The children of entrepeneurs, the three friends decided traditional jobs didn’t appeal to them. The desire to find better food options in Georgetown and the desire to start a business of their own, led them to begin Sweetgreen. They have created a business where their passion shows. Sourcing organic ingredients from local farmers, supporting local communities, and building relationships, it’s all about a lifestyle and a set of values.

 

Eight years later, they are having tremendous success and their partnership is still strong. Having started as friends, they now work together and even live next to one another. One reason for their success is the fact that they are all highly disciplined hard workers. Nathaniel Ru has talked about the challenges of scaling up. The three partners have worked in every role in the company and, he says, it can sometimes be difficult to let go and give that work over to the team you create.

 

The three partners have been innovative on several fronts. Technology plays a big part in the business.
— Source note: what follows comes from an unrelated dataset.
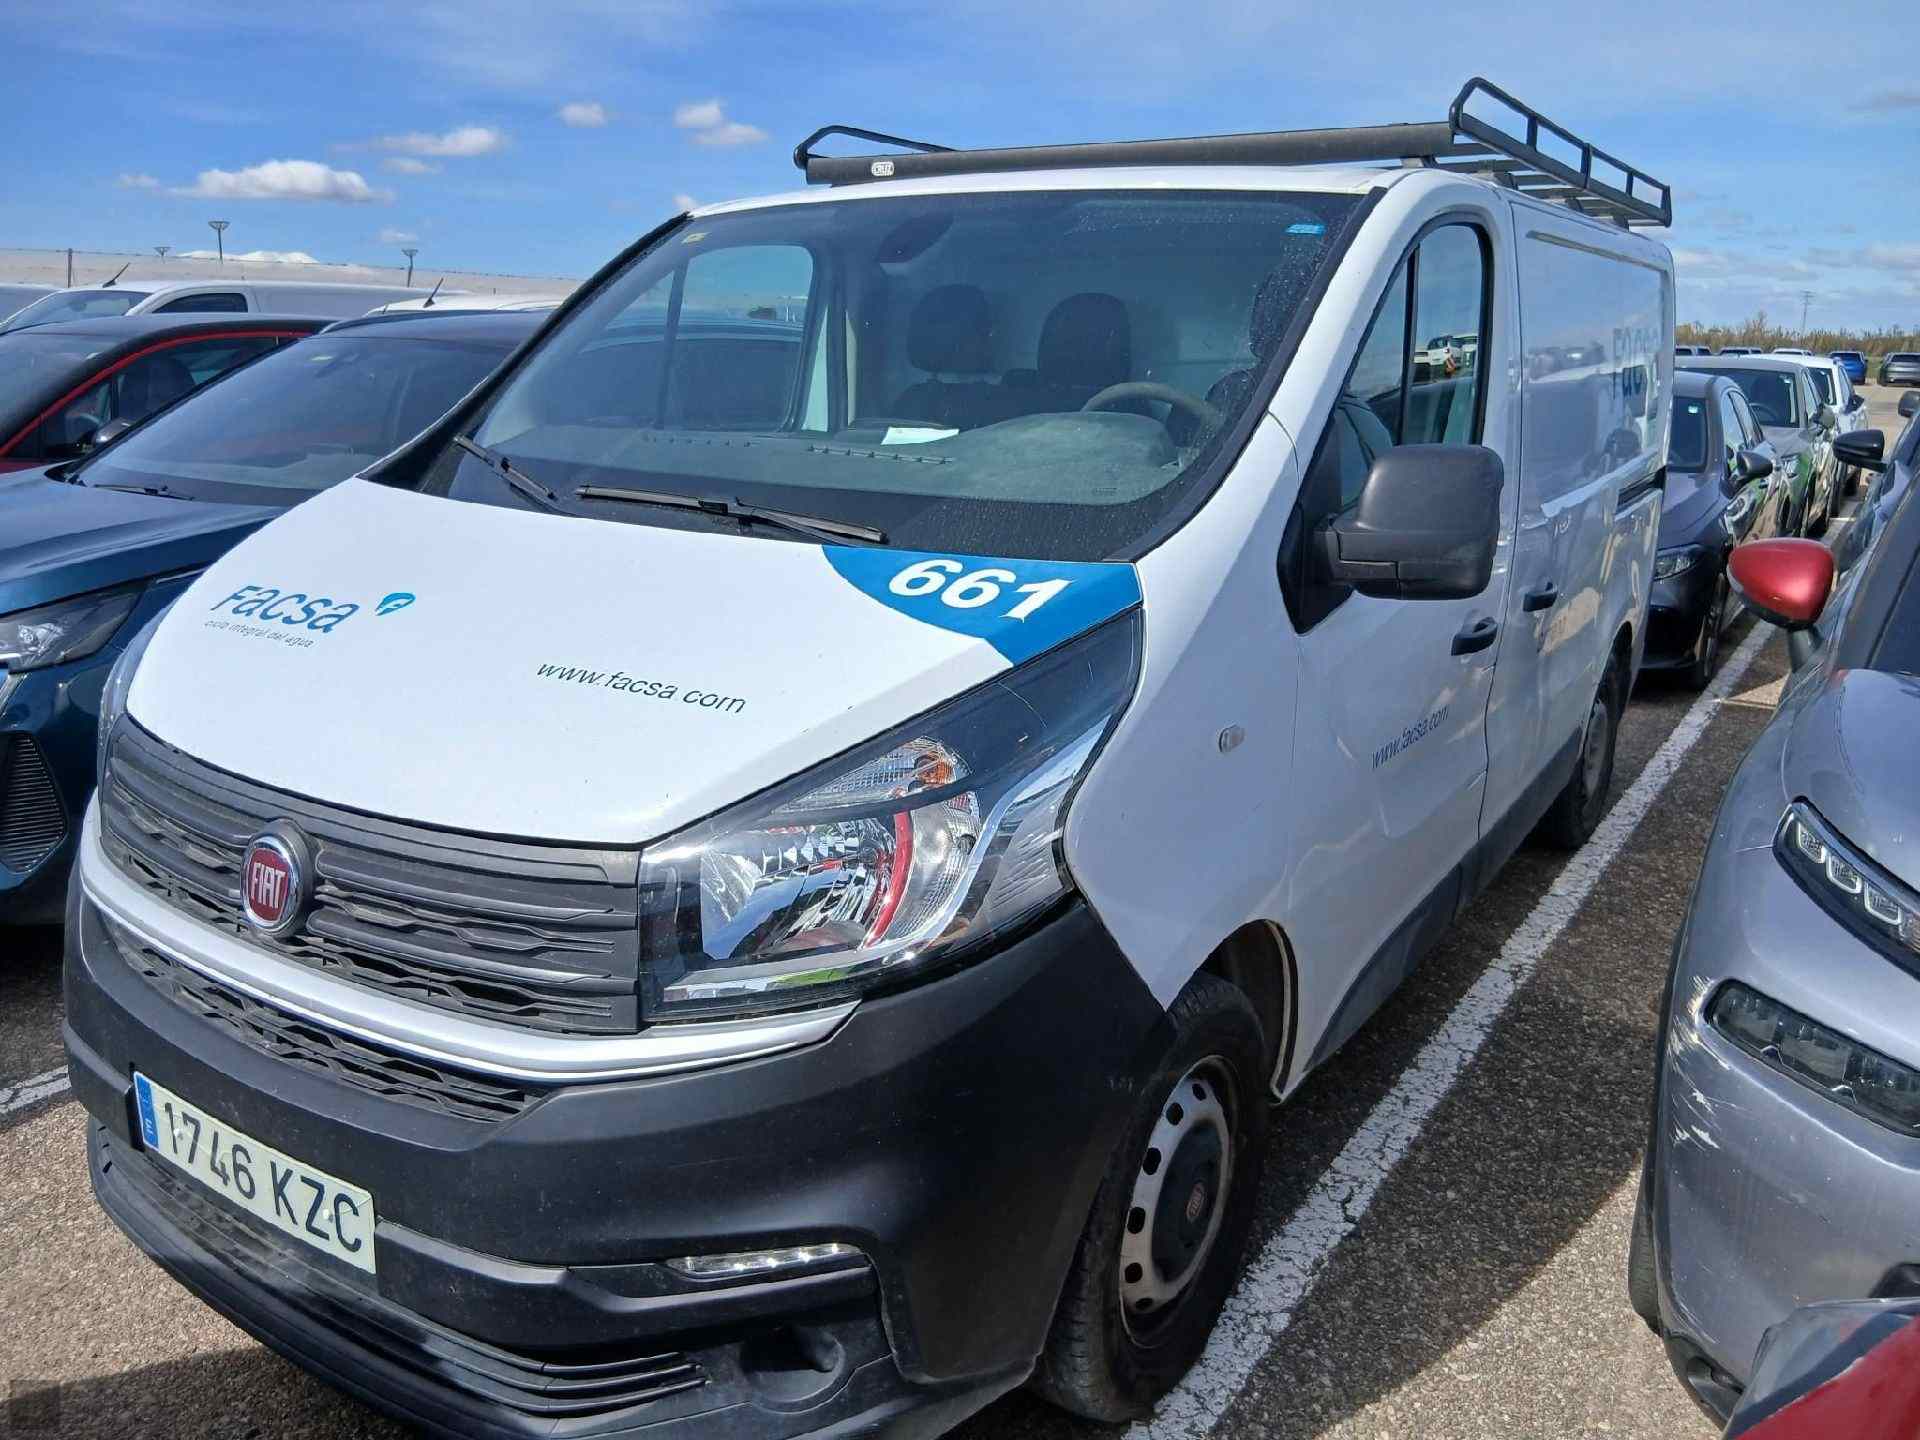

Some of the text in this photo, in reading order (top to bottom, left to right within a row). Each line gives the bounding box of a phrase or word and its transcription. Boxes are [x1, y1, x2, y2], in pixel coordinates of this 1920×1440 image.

Thirty percent of Sweetgreen’s transactions take place from their website or mobile app, making it possible for people to order their food and bypass long waits in line. “Technology has always been a part of our DNA,” Nathaniel Ru said.

 

They have also spent time rethinking management strategies. To stay close to customers, the corporate office almost completely closes down five times a year so that everyone can work in the restaurants. Having recently opened offices in Los Angeles, the company is now bicoastal and has no centralized headquarters. “We don’t believe in big corporate headquarters,” Ru says. “We wanted to decentralize our headcount.”

 

Employees wear t-shirts with the words “passion x purpose” written on the back and it seems to be this collective belief in something worth doing that is the driving force behind the company.